We should have in mind, though, that our generalized disbelief does not imply in depoliticization. As Castells observes (based on empirical researches – CASTELLS, 2019, 88), several citizens still believe that they can influence the world by means of mobilizations, but mobilizations that take place outside the scope of formal politics. This leads us to the second hypothesis, raised a few paragraphs above in order to understand the relation between media and society. As already stated, power relations are reconfigured in the media space, because this is the premise in any democratic intervention in the public space. And given that traditional media is submissive to governments and corporations, who only reinforce the model of the formal political systems, an insurgent politics sorely needs a new media space.

Castells attributes this new space to mass self-communication, fit for political insurgency, which we can understand through the following main characteristics5:

  • Many-to-many: while the communicational foundation of industrial society was characterized by an unidirectional mass media, in which the message is distributed massively from one to many, in the network society what is in place is a horizontal global communication webs, constituted by an interactive exchange of messages from many to many, able to connect the global and the local synchronically or assynchronically;
  • Self-generated content: in principle, any person with access to the internet enjoys the autonomy to generate content and publish it for free, a condition that has been driven by increasingly cheaper electronic devices, such as notebooks and smartphones, and by the availability of a myriad of open-source softwares, ranging from operational systems to text, image or video editors. What a few decades ago demanded the collective travails of professionals from different areas, such as recording, editing and distributing audiovisual or textual content, today can be carried out with a smartphone;
  • Self-directed emission: the one transmitting a message selects the channel – with a specific potential audience  – by means of which the message will be distributed, such as email, message exchange applications (Whatsapp, Signal, Skype), discussion lists, online forums, blogs, social networks etc. It is worth noticing that, once broadcast, it is practically impossible to control the reach of a message. A message sent to a single and specific addressee, for instance, can be redirected to other channels – be it due to a technical glitch, to a criminal act, or to an attitude by the addressee him or herself – and potentially gain global reach, as demonstrated by the leaks in which private messages are exposed to a wide audience;
  • Self-selected reception: in a certain way, the message does not go out to the receiver, as when we switch on the television or the radio, but the receptor, by means of the channels at his or her disposal in the internet and in the communication electronic webs, seeks the message of interest to him or her. In this sense, the receptor plays an active role on the reception of the message.

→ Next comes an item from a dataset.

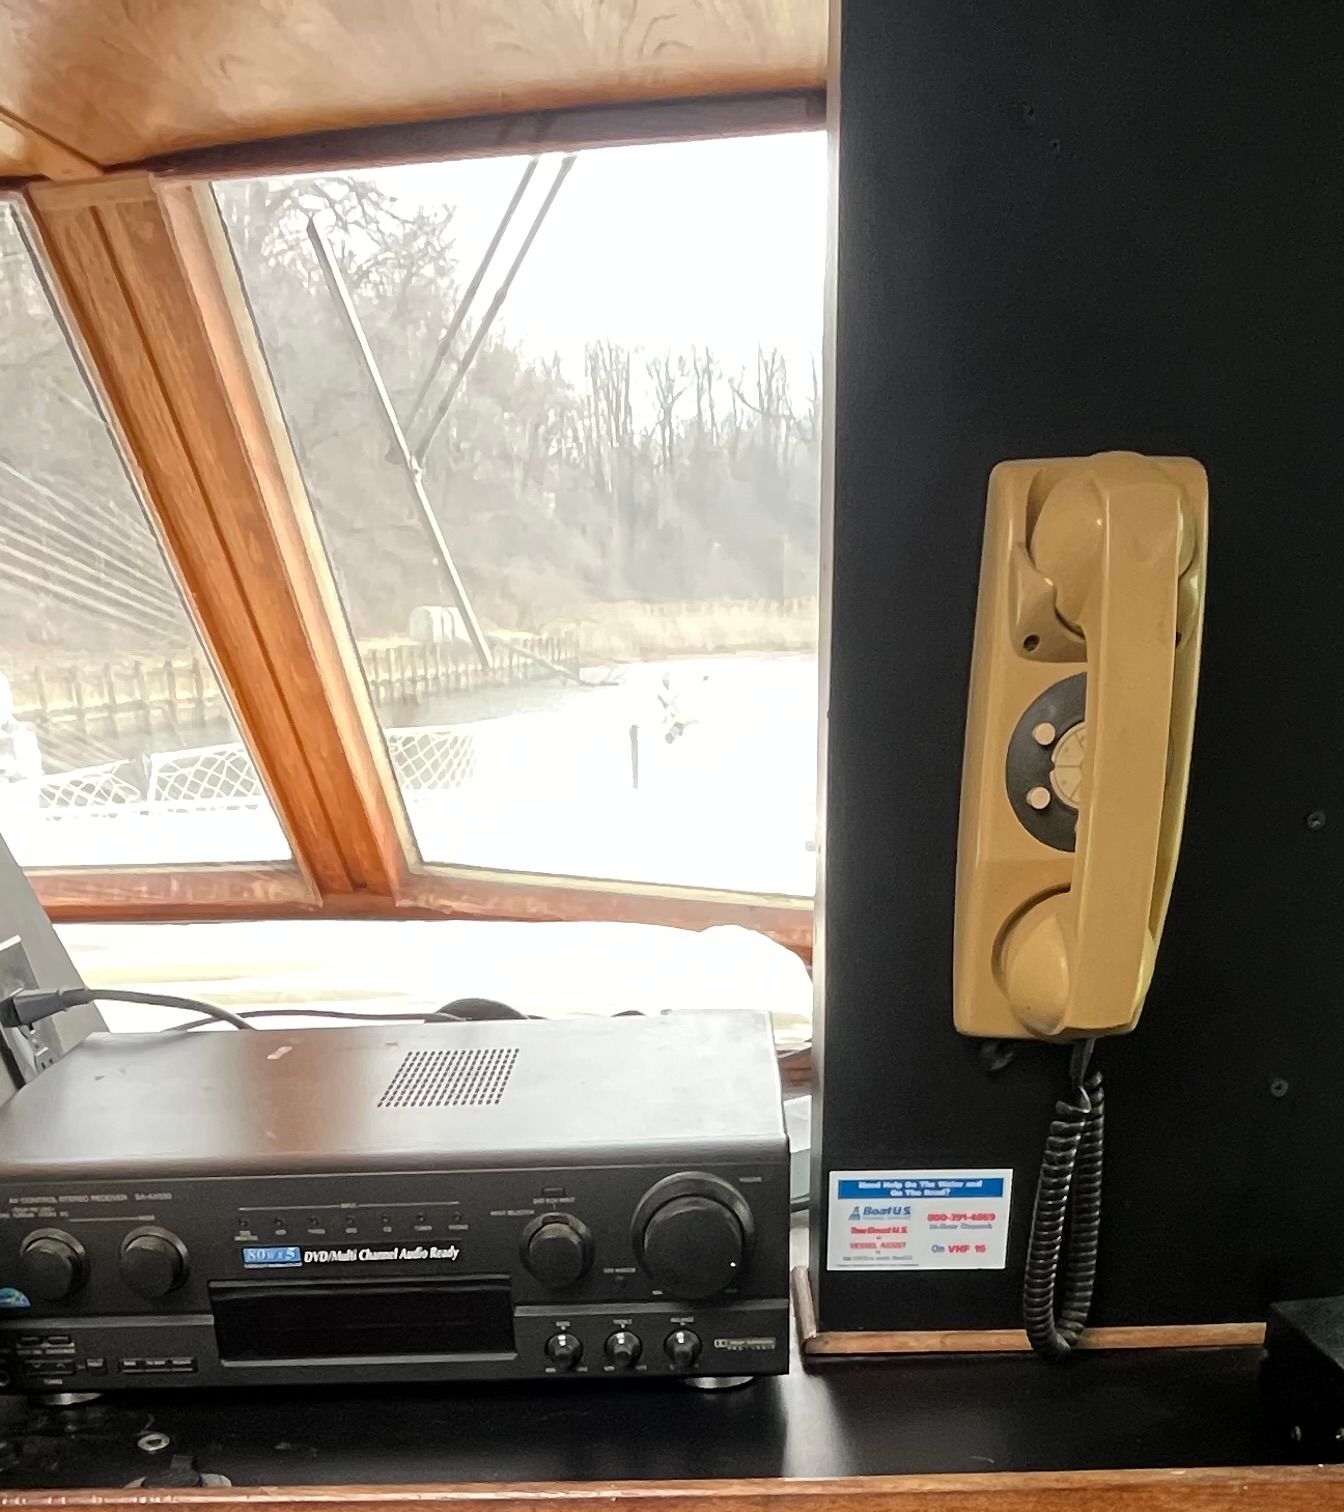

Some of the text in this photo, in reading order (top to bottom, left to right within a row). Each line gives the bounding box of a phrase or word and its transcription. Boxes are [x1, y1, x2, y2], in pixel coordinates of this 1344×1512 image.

[303, 1245, 460, 1263] DVD/Multi Channel Audio Ready

These are the general outlines of a media space that we can consider as the communicational foundation of networked society. Its pillar is the computer network, its language is digital, and its participants interact globally. And even if Castells does not support the thesis that the medium – i.e. the very communication vehicles – determines the content and the consequences of its messages, he seems optimistic regarding the possibilities that mass self-communication features in producing meaning6: “it renders possible the unlimited diversity and the largely autonomous origin of most of the communication flows that construct, and reconstruct every second the global and local production of meaning in the public mind” (CASTELLS, 2019, 90).

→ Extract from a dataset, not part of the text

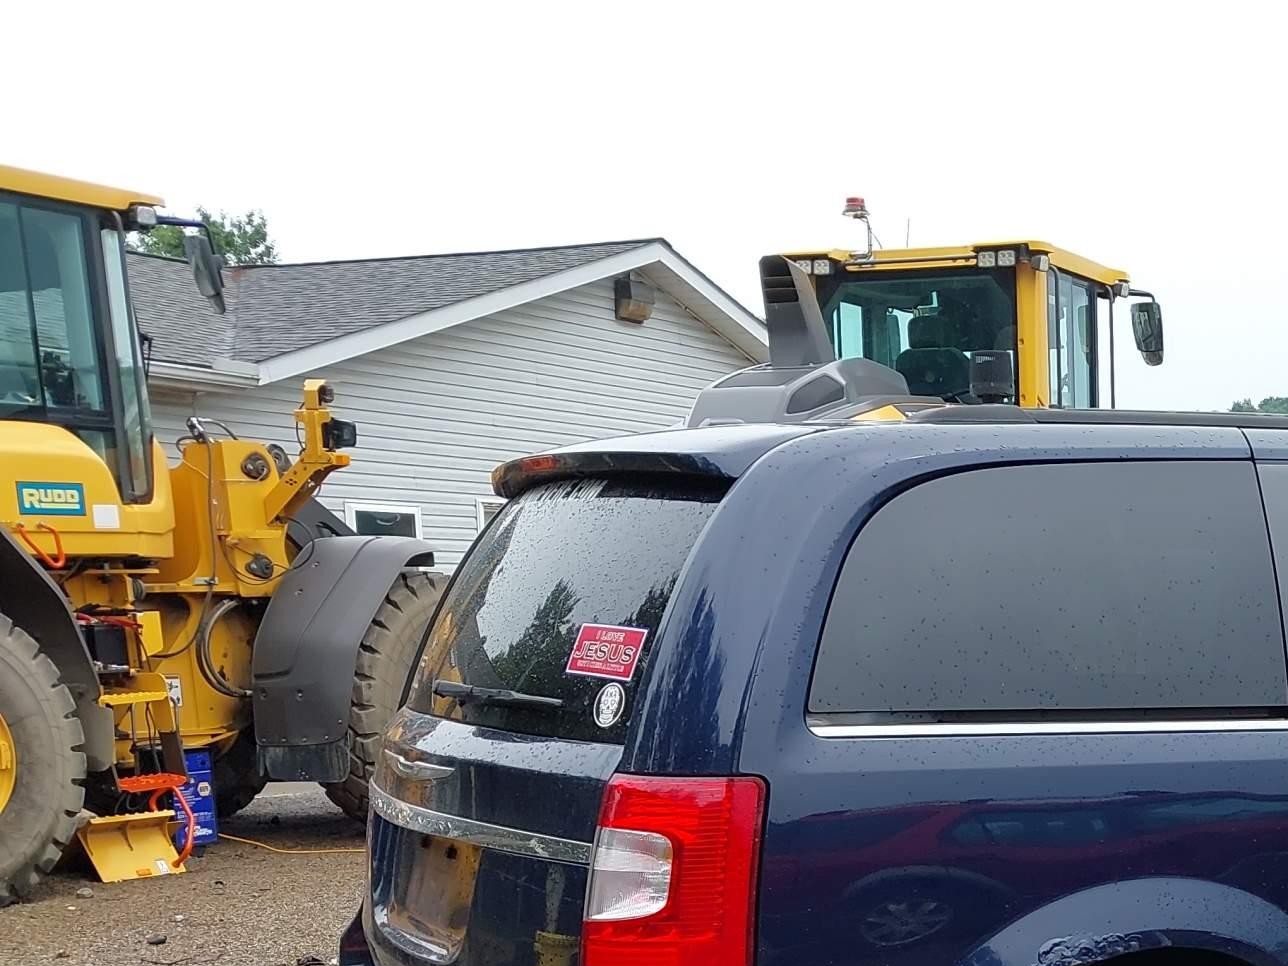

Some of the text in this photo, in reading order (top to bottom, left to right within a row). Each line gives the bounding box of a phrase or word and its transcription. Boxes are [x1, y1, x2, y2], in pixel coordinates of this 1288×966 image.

[22, 488, 80, 508] RUDD
[596, 630, 625, 642] I LOVE
[574, 641, 636, 664] JESUS

Let’s try now to understand how mass self-communication renders counter-power viable, i.e., to what measure social movements and political insurgency articulate by means of it. As stated above, counter-power consists in the capacity by social actors to oppose institutionalized power relations in society, eventually changing them. This clash is a permanent characteristic of societies, in place wherever there is a form of domination, be it political, cultural, economic, psychological etc (CASTELLS, 2019, 90). In this sense, together with the legitimacy crisis of the traditional political institutions, contemporaneity has witnessed the growth of a variety of social movements, whose source of inspiration and meaning for social organization projects and institutional reform is based, for the most part, on identity issues, involving ethnic, territorial, national, religious identities. Generally, such movements oppose institutionalized values under which they do not see themselves represented (which does not necessarily mean that their demands hold an inherently progressive character):

Very often, social movements and insurgent politics reaffirm traditional values and forms, e.g. religion, the patriarchal family or the nation, that they feel betrayed in practice in spite of being proclaimed in the forefront of society’s institutions. In other words, social movements may be progressive or reactionary or just alternative without adjectives. But in all cases they are purposive collective actions aimed at changing the values and interests institutionalized in society, what is tantamount to modify the power relations. (CASTELLS, 2019, 90)

Mass self-communication allows for social movements to speak for themselves – and not through institutions of communication media that would represent them from a point of view that is not theirs, thus allowing for them to autonomously present their own projects, in their own terms. A relevant example of this is the self-documentation project by Uru-eu-wau-wau indigenous people from Rondônia, northern Brazil. After the death of Aruká Juma, the last remaining entirely Juma person on the planet, in February 2020 due to the Corona virus, Bitate, a young indigenous community leader, descendant of the Juma and Uru-eu-wau-wau peoples, by way of mother and father, respectively, decided to close his people’s territory to visitors. They later set up a team to document, by means of cameras, drones and other media technologies, how they survived for over a year with no serious instance of the disease7. His words express the aspiration of his people of telling themselves their own history:

Self-documentation is an opportunity to record our own history, our own reality. There are many journalists who want to come over here, but who do not understand a thing about our way of life. This is a great opportunity for the indigenous peoples to learn how to make films in order to record the history of our people8.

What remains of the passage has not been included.